▸ **Brief**
Please output all the entries word for word, without the pictures.

===== Records provided =====

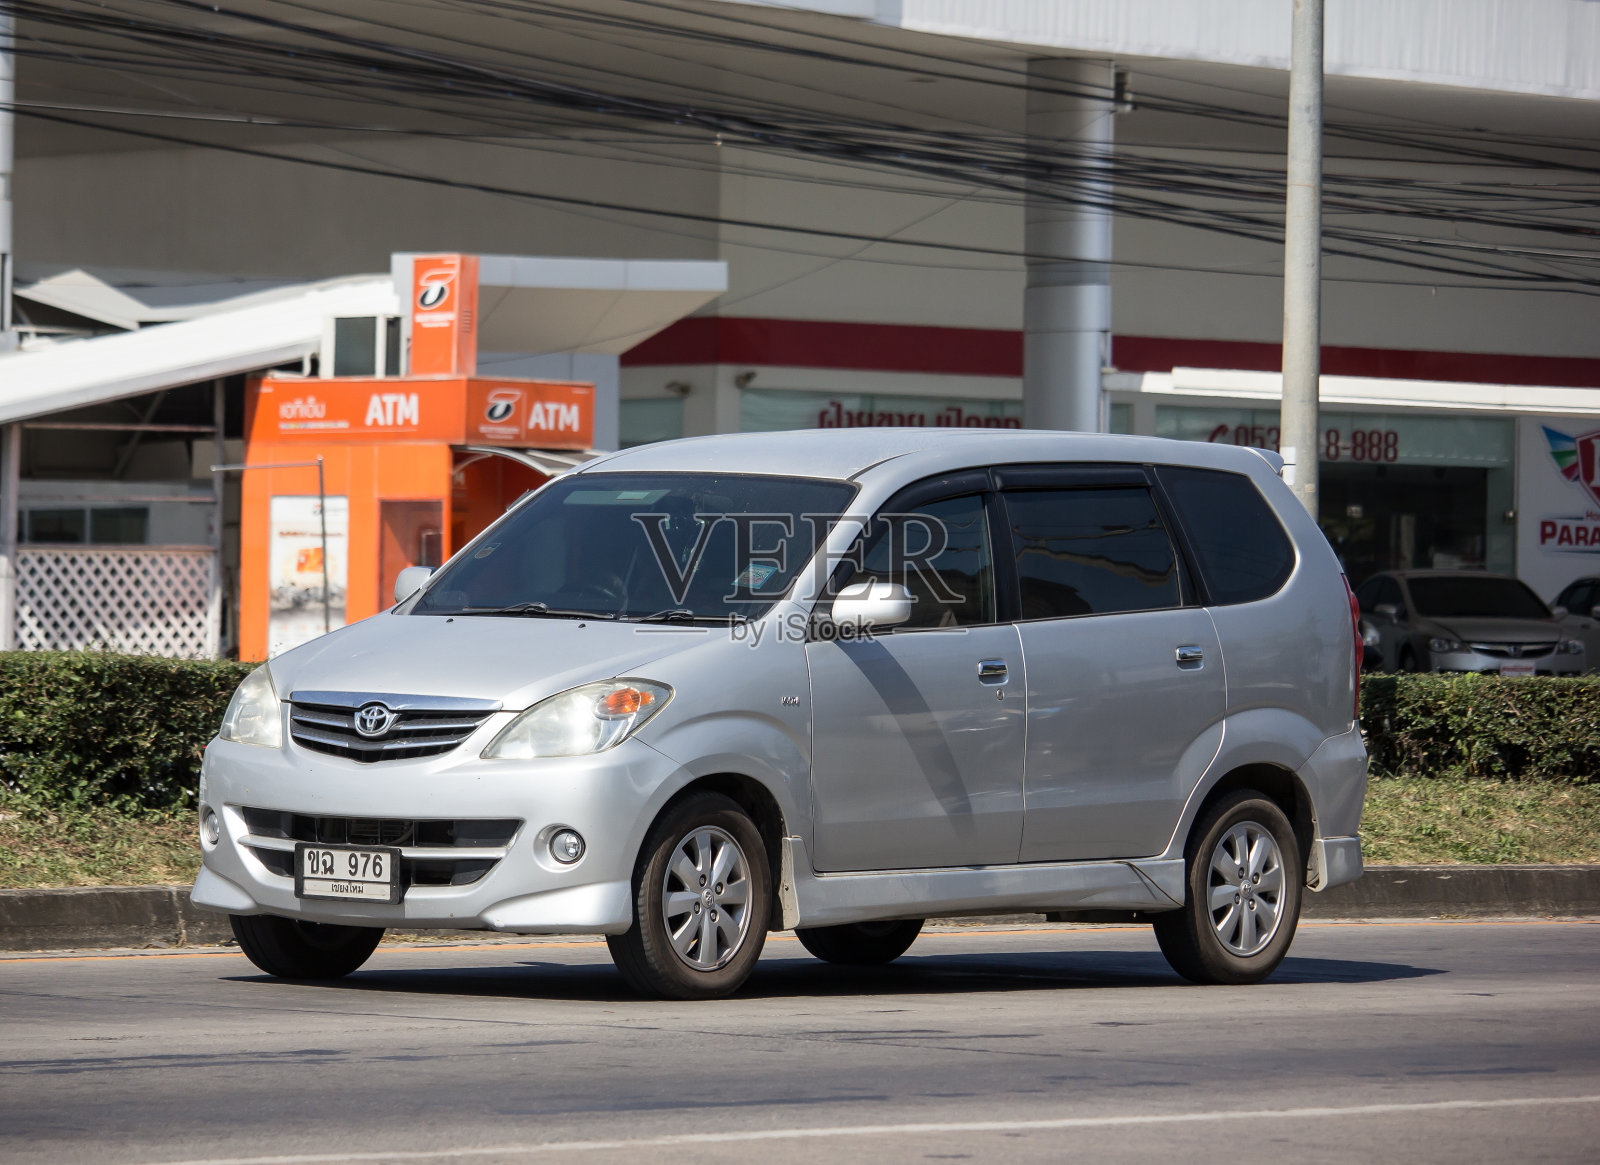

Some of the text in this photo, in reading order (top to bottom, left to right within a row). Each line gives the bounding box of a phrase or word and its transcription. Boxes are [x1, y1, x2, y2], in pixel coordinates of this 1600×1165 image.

[365, 392, 420, 427] ATM
[527, 401, 580, 433] ATM
[348, 853, 383, 878] 976
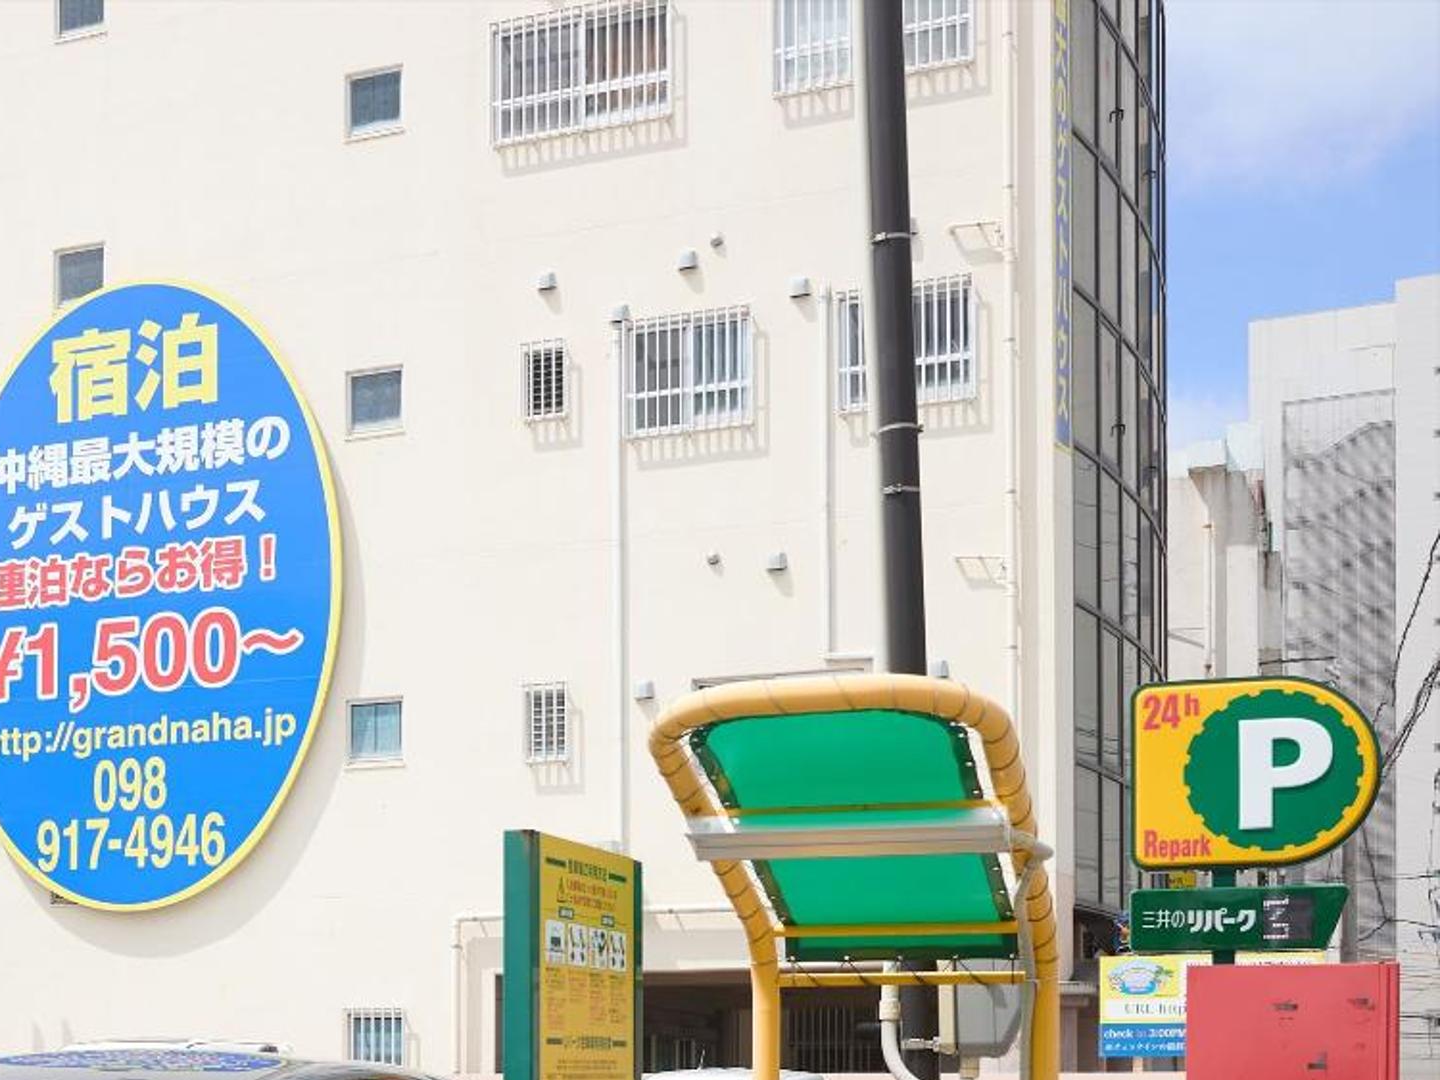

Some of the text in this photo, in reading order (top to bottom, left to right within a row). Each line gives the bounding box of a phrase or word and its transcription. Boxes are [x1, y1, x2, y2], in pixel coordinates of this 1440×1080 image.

=====

▸ **Result**
Some of the text in this photo, in reading order (top to bottom, left to right within a row). Each line gives the bounding box of a phrase or word and its transcription. Boxes are [x1, y1, x2, y2], in pixel coordinates of this 1600×1165 image.

[365, 392, 420, 427] ATM
[527, 401, 580, 433] ATM
[348, 853, 383, 878] 976

Some of the text in this photo, in reading order (top to bottom, left to right within a row). Each line gives the bounding box of a phrase or word and its transcription. Boxes are [x1, y1, x2, y2], in pixel coordinates of this 1440×1080 image.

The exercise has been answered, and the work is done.